### Work instruction
Repeat the data exactly, leaving out any image.

[Records from a dataset]
┌──

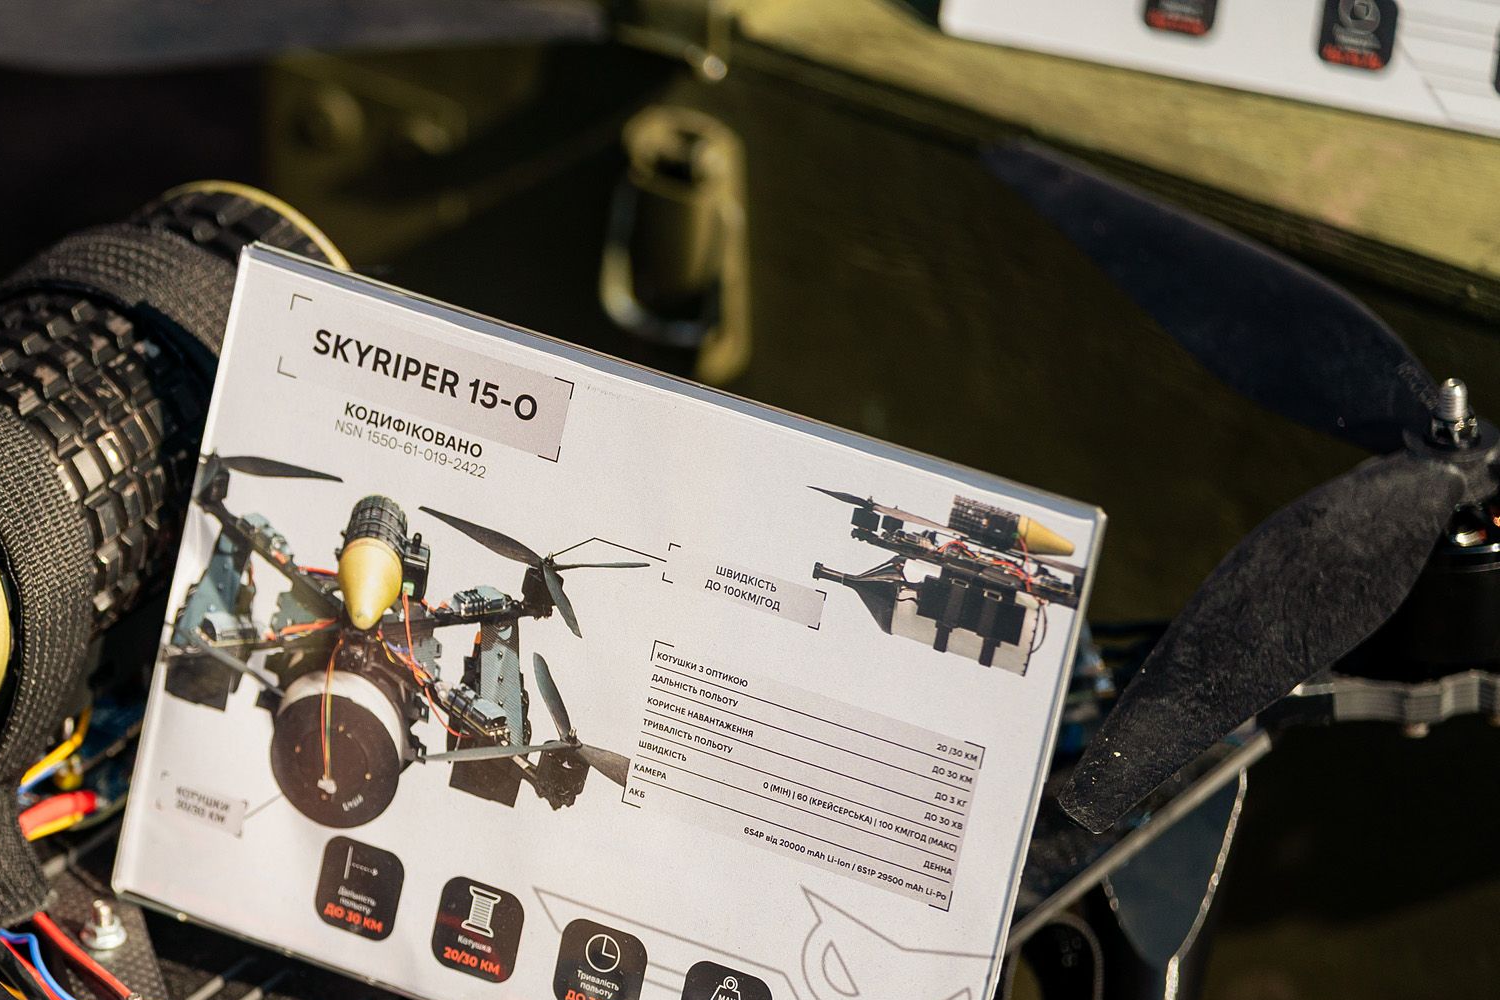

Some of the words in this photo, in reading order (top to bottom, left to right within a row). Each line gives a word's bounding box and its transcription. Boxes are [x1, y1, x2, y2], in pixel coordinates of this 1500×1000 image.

[312, 328, 460, 398] SKYRIPER
[344, 402, 483, 458] КОДИФІКОВАНО
[334, 419, 363, 438] NSN
[367, 430, 487, 479] 1550-61-019-2422
[715, 565, 777, 593] ШВИДКІСТЬ
[704, 579, 721, 592] ДО
[724, 585, 781, 612] 100КМ/ГОД
[657, 651, 697, 671] КОТУШКИ
[706, 668, 748, 687] ОПТИКОЮ
[652, 673, 698, 694] ДАЛЬНІСТЬ
[700, 689, 739, 707] ПОЛЬОТУ
[647, 697, 686, 715] КОРИСНЕ
[687, 709, 754, 738] НАВАНТАЖЕННЯ
[643, 718, 692, 740] ТРИВАЛІСТЬ
[694, 735, 733, 754] ПОЛЬОТУ
[638, 740, 687, 762] ШВИДКІСТЬ
[936, 743, 947, 752] 20
[964, 752, 978, 762] КМ
[634, 763, 667, 780] КАМЕРА
[932, 765, 945, 775] ДО
[947, 770, 958, 779] 30
[959, 774, 973, 784] КМ
[629, 787, 645, 799] АКБ
[934, 792, 948, 801] ДО
[956, 799, 968, 807] КГ
[770, 783, 792, 798] (МІН)
[797, 793, 808, 802] 60
[809, 796, 873, 825] (КРЕЙСЕРСЬКА)
[879, 820, 893, 830] 100
[894, 825, 927, 843] КМ/ГОД
[928, 836, 958, 853] (МАКС)
[924, 811, 937, 821] ДО
[939, 817, 950, 826] 30
[951, 821, 963, 830] ХВ
[765, 835, 778, 845] від
[779, 839, 806, 853] 20000
[807, 849, 825, 860] mAh
[877, 871, 904, 886] 29500
[905, 881, 924, 893] mAh
[925, 887, 947, 900] Li-Po
[923, 860, 952, 876] ДЕННА
[324, 903, 345, 920] ДО
[362, 915, 384, 933] КМ
[443, 946, 478, 968] 20/30
[479, 958, 501, 975] КМ
[577, 969, 620, 991] Тривалість
[580, 981, 613, 999] польоту

└──

### Solution
Some of the words in this photo, in reading order (top to bottom, left to right within a row). Each line gives a word's bounding box and its transcription. Boxes are [x1, y1, x2, y2], in pixel coordinates of this 1500×1000 image.

[312, 328, 460, 398] SKYRIPER
[344, 402, 483, 458] КОДИФІКОВАНО
[334, 419, 363, 438] NSN
[367, 430, 487, 479] 1550-61-019-2422
[715, 565, 777, 593] ШВИДКІСТЬ
[704, 579, 721, 592] ДО
[724, 585, 781, 612] 100КМ/ГОД
[657, 651, 697, 671] КОТУШКИ
[706, 668, 748, 687] ОПТИКОЮ
[652, 673, 698, 694] ДАЛЬНІСТЬ
[700, 689, 739, 707] ПОЛЬОТУ
[647, 697, 686, 715] КОРИСНЕ
[687, 709, 754, 738] НАВАНТАЖЕННЯ
[643, 718, 692, 740] ТРИВАЛІСТЬ
[694, 735, 733, 754] ПОЛЬОТУ
[638, 740, 687, 762] ШВИДКІСТЬ
[936, 743, 947, 752] 20
[964, 752, 978, 762] КМ
[634, 763, 667, 780] КАМЕРА
[932, 765, 945, 775] ДО
[947, 770, 958, 779] 30
[959, 774, 973, 784] КМ
[629, 787, 645, 799] АКБ
[934, 792, 948, 801] ДО
[956, 799, 968, 807] КГ
[770, 783, 792, 798] (МІН)
[797, 793, 808, 802] 60
[809, 796, 873, 825] (КРЕЙСЕРСЬКА)
[879, 820, 893, 830] 100
[894, 825, 927, 843] КМ/ГОД
[928, 836, 958, 853] (МАКС)
[924, 811, 937, 821] ДО
[939, 817, 950, 826] 30
[951, 821, 963, 830] ХВ
[765, 835, 778, 845] від
[779, 839, 806, 853] 20000
[807, 849, 825, 860] mAh
[877, 871, 904, 886] 29500
[905, 881, 924, 893] mAh
[925, 887, 947, 900] Li-Po
[923, 860, 952, 876] ДЕННА
[324, 903, 345, 920] ДО
[362, 915, 384, 933] КМ
[443, 946, 478, 968] 20/30
[479, 958, 501, 975] КМ
[577, 969, 620, 991] Тривалість
[580, 981, 613, 999] польоту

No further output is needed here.